With the global magazine industry threatened by visions of the print versions of their magazines going the way of the dodo, the magazine community has spent significant dollars on creating amazing, rich media digital magazines on iPad. One only has to open Wired's iPad app to see how much work has been put into the iPad version and Richard Branson's Project iPad app went even further with integration of video and amazing interactive advertising and yet it also seemingly has suffered from a lack of take up from the iPad user.
Its has been said in the boardroom of many a magazine publisher that perhaps this investment has been made "too early", or has been a wasted chance to build the magazine's brand on a smartphone type device.
Could it be that the technophiles behind the creation of these apps have let the tech run away with the fundamental premise of how users want to consume magazine style content.
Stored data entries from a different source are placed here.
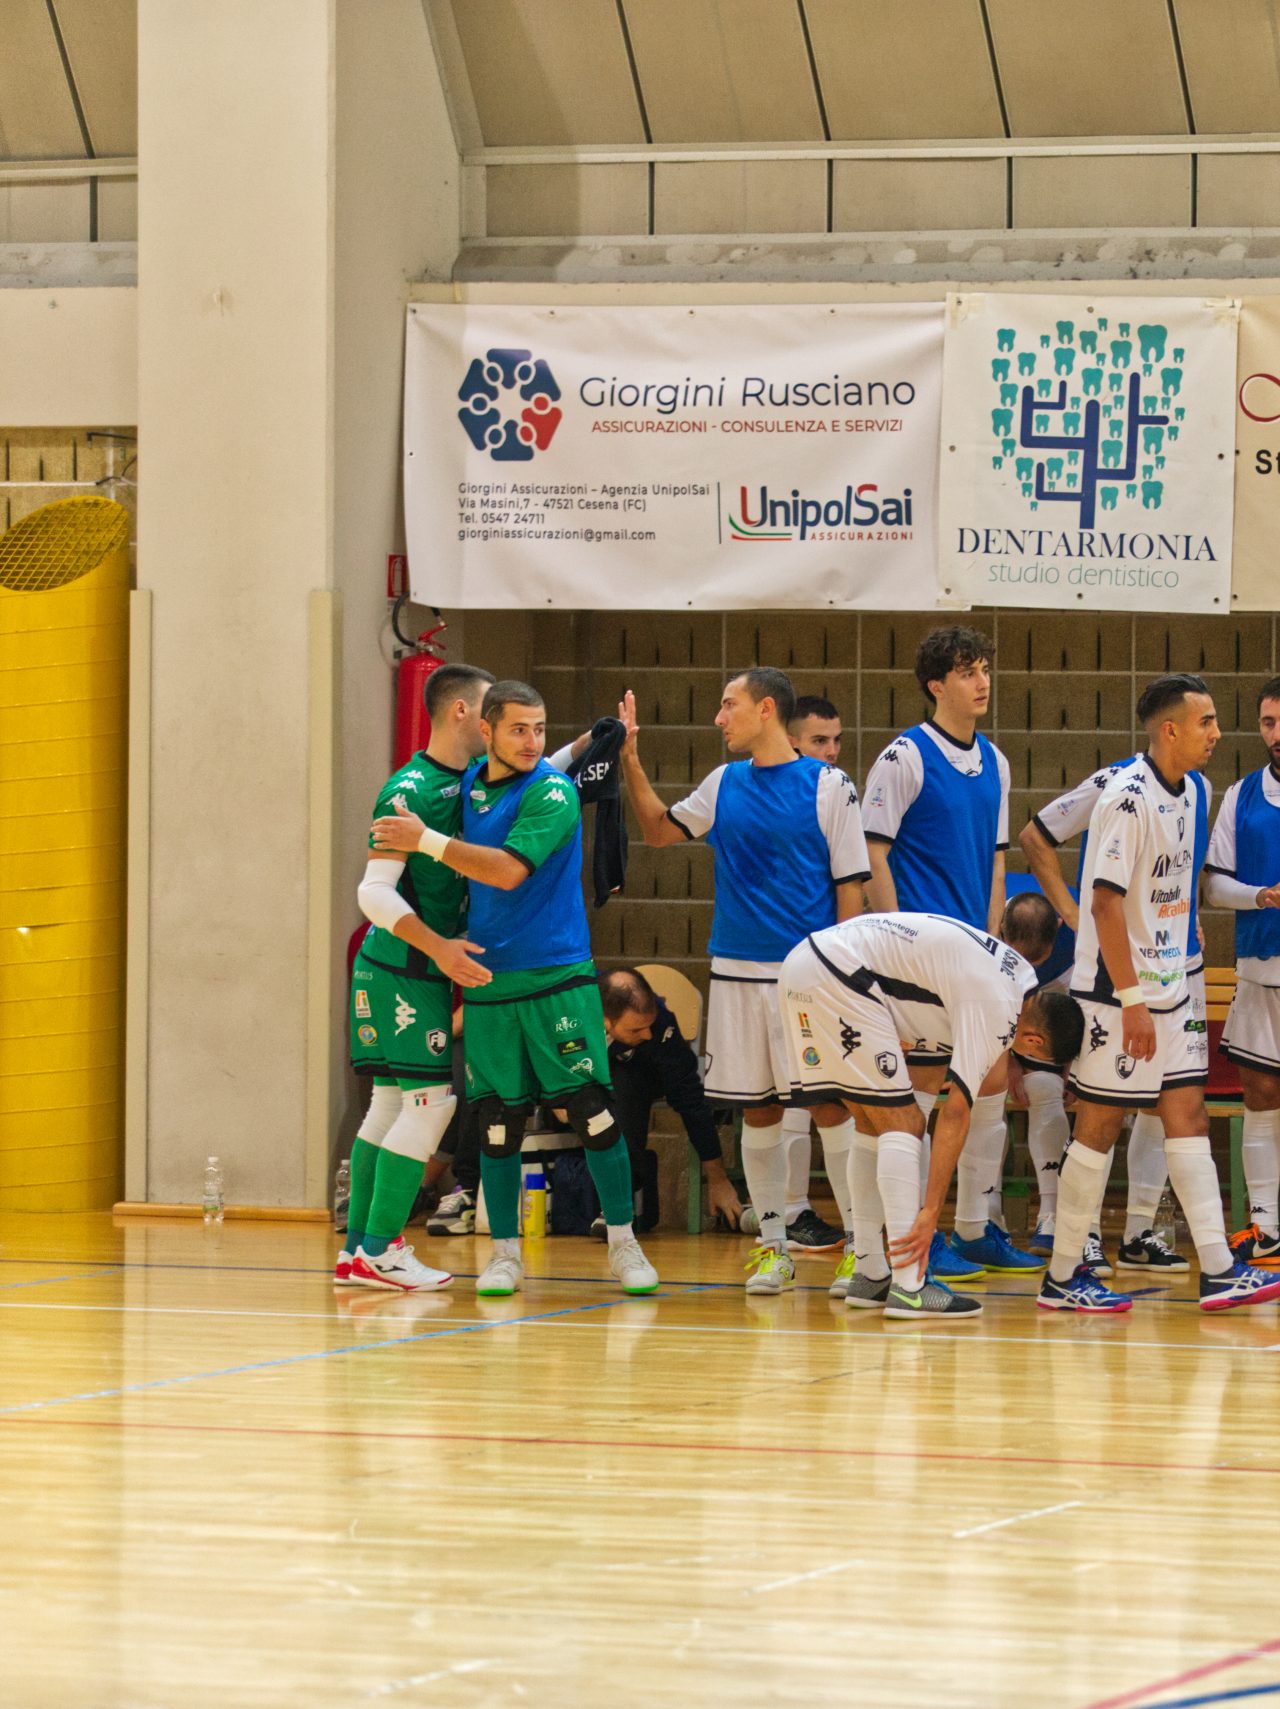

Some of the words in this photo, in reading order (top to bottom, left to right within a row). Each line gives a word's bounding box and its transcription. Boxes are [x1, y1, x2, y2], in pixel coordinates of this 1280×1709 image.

[579, 376, 725, 415] Giorgini
[742, 374, 916, 407] Rusciano
[591, 420, 707, 433] ASSICURAZIONI
[720, 420, 829, 434] CONSULENZA
[831, 420, 839, 433] E
[844, 419, 903, 433] SERVIZI
[458, 482, 507, 497] Giorgini
[511, 483, 588, 495] Assicurazioni
[601, 484, 648, 498] Agenzia
[652, 483, 710, 496] UnipolSai
[458, 498, 476, 509] Via
[480, 498, 530, 511] Masini,7
[543, 499, 574, 510] 47521
[577, 499, 619, 510] Cesena
[623, 498, 647, 512] (FC)
[740, 483, 913, 541] UnipolSai
[458, 512, 478, 523] Tel.
[481, 512, 510, 524] 0547
[513, 513, 545, 524] 24711
[458, 528, 656, 541] giorginiassicurazioni@gmail.com
[810, 530, 914, 541] ASSICURAZIONI
[957, 527, 1218, 562] DENTARMONIA
[988, 561, 1060, 585] studio
[1067, 564, 1180, 589] dentistico
It didn't take much time with a range of these apps to write down 5 fundamental issues with the way these apps work that are kind of obvious to any magazine subscriber.
Downloading of content - unlike the magazine that you purchase at your local news stand or have home delivered, these apps require you to initially download a "shell" that is then used to allow you to download magazine issues.
For many an iPad user the time it takes to download the hundreds of megabytes of data is a significant impediment to viewing the magazine. That together with the way people use the iPad - which is a kind of "information grazing" approach with one app being open, then closed to do something else, then back to the first app - means that often the user will not get a chance to download their first edition of the magazine for many hours and forces users to leave the device with the app open overnight. Not an ideal way to quickly consume magazine style content.
More is not more. To a fault the iPad magazine tries hard to include as much "eye candy" as possible to (in the mind of the developers) create a new compelling experience on device. What this often does is simply takes away for the quality of the article or photograph that has been carefully crafted for the paper based magazine.
Developers need to understand that old publishers saying "less is more" - as otherwise they risk overwhelming the user and making the app boring and a simple showcase of iPad graphic capabilities - to create return readers its the content that rules, not the iPad graphics.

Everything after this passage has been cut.